As the Red Guard movement progressed, the working class also became involved in the movement. Compared to the students, the workers had much less propaganda tools, but Mao expressed clear support for the workers in 1968.

Harder to dismiss than the students, the workers were long hailed as the builders of China by officials, but they also blamed the bureaucracy for its shortcomings during this period.

== Development and factionalism ==

Factionalism had multiple causes. In a study of Red Guard factionalism in Beijing, academic Andrew G. Walder concludes that the decisive factor in factional grouping was the choices made by movement participants in the early stages of the Cultural Revolution.

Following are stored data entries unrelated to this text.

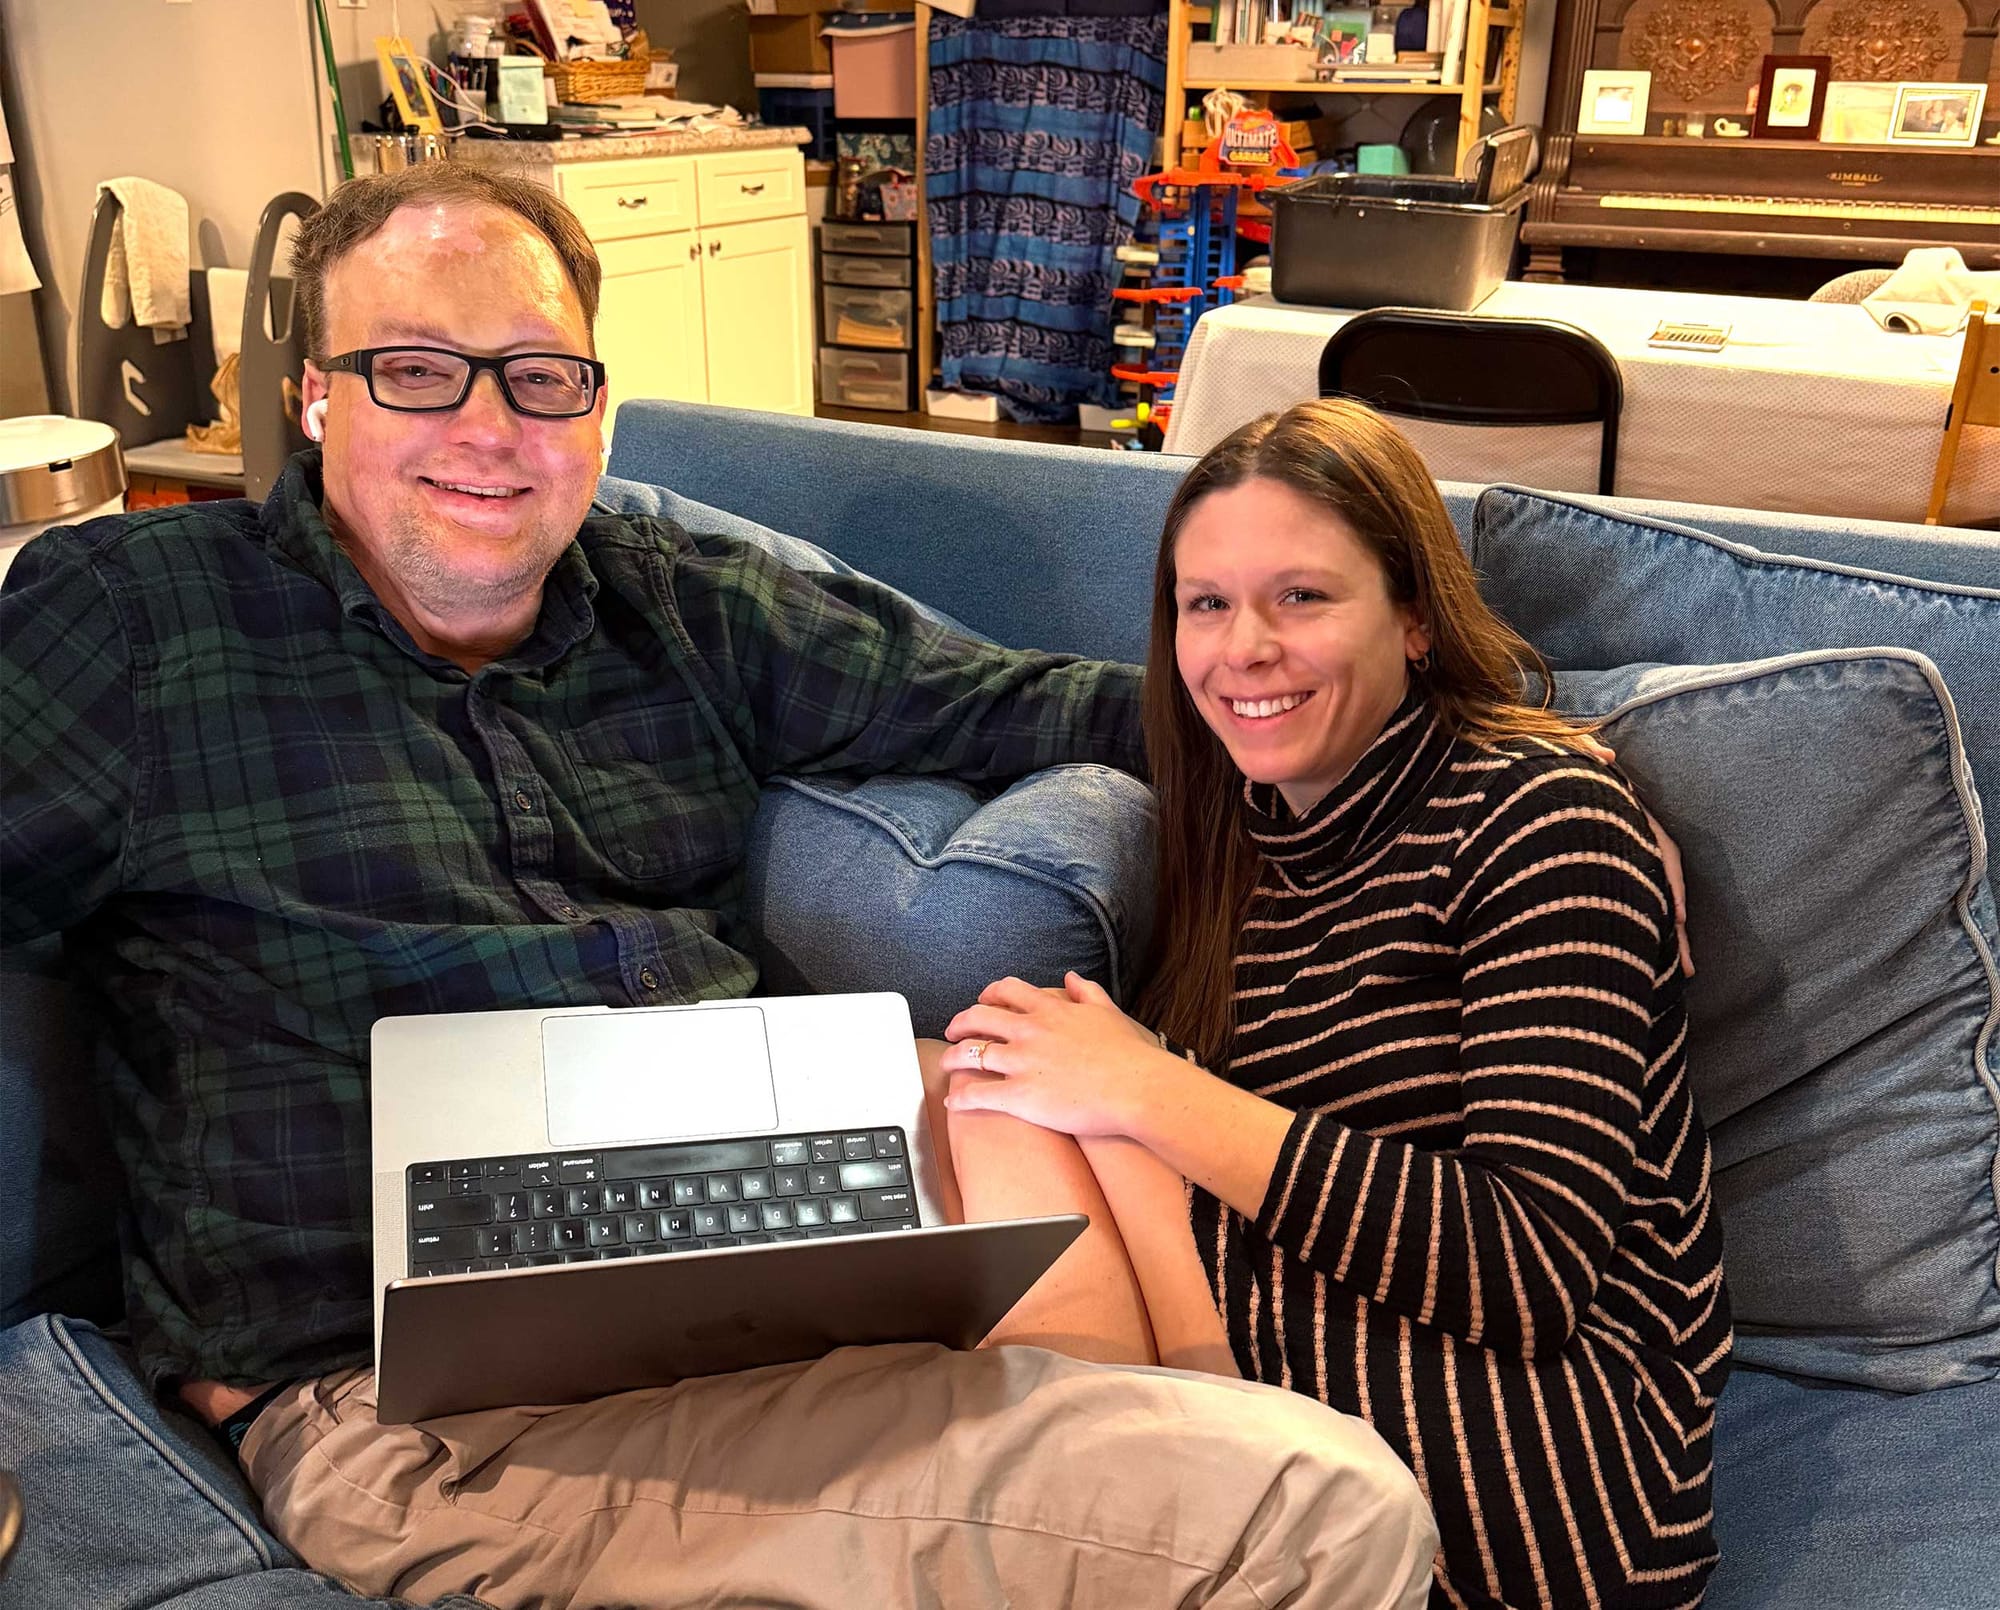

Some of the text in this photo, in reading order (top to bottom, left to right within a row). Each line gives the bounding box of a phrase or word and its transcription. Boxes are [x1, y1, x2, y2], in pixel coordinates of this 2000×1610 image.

[1225, 125, 1278, 148] ULTIMATE
[1829, 172, 1881, 183] KIMBALL
[814, 1138, 834, 1147] option
[846, 1135, 867, 1144] control
[528, 1160, 550, 1170] option
[562, 1157, 594, 1167] command
[752, 1179, 761, 1190] C
[785, 1177, 793, 1188] X
[818, 1175, 826, 1185] Z
[686, 1186, 694, 1197] B
[719, 1184, 728, 1194] V
[616, 1192, 626, 1203] M
[651, 1189, 660, 1200] N
[418, 1203, 434, 1212] shift
[806, 1207, 814, 1216] S
[739, 1213, 748, 1223] F
[773, 1210, 781, 1220] D
[671, 1219, 680, 1229] H
[705, 1216, 714, 1226] G
[601, 1226, 609, 1236] K
[637, 1223, 644, 1233] J
[566, 1229, 574, 1239] L
[417, 1235, 440, 1244] return

In the early phase of the Cultural Revolution, many rebel groups traveled to Beijing to petition central leaders, including seeking confirmation that the rebel group's approach was revolutionary as opposed to counterrevolutionary. Central leaders would hear their perspective, give advice, and explain central policies, but rarely gave these petitioners orders.

As the Cultural Revolution progressed, they had become an important faction of the Red Guards by early 1967. Mao Zedong and the left wing of the Party (such as the Central Cultural Revolution Group) supported them at that time. However, further divisions occurred within the rebel faction as well. They still recognized the overall situation in China compared to the more leftist and radical "ultra-leftists".